Methods We assessed the impact of exposure misclassification on relative risks using the range of correlation coefficients observed between measured post-application urinary levels of 2,4-dichlorophenoxyacetic acid (2,4-D) and a chlorpyrifos metabolite and exposure estimates based on an algorithm from 83 AHS pesticide applications.

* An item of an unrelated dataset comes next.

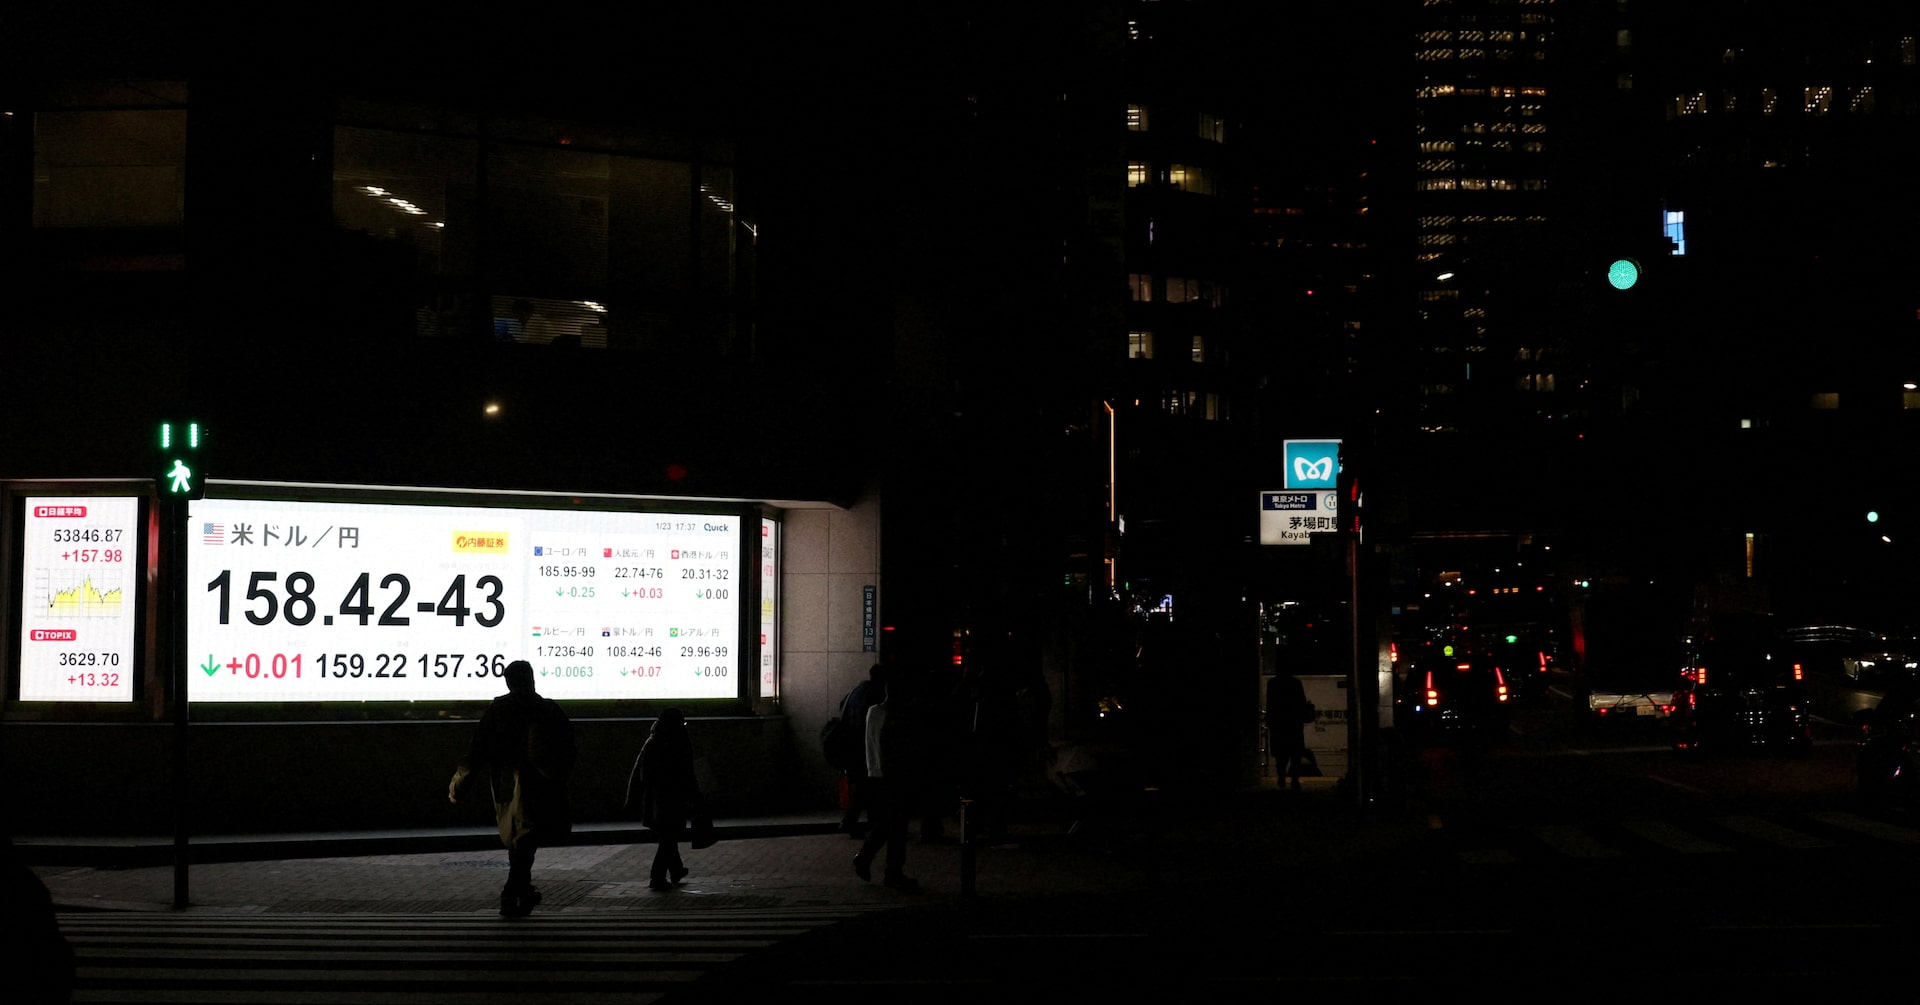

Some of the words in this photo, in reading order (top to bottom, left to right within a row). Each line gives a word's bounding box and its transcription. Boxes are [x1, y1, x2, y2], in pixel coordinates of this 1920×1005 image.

Results Correlations between urinary levels of 2,4-D and a chlorpyrifos metabolite and algorithm estimated intensity scores were about 0.4 for 2,4-D (n=64), 0.8 for liquid chlorpyrifos (n=4) and 0.6 for granular chlorpyrifos (n=12). Correlations of urinary levels with kilograms of active ingredient used, duration of application, or number of acres treated were lower and ranged from −0.36 to 0.19. These findings indicate that a priori expert-derived algorithm scores were more closely related to measured urinary levels than individual exposure determinants evaluated here. Estimates of potential bias in relative risks based on the correlations from the AHS/PES indicate that non-differential misclassification of exposure using the algorithm would bias estimates towards the null, but less than that from individual exposure determinants.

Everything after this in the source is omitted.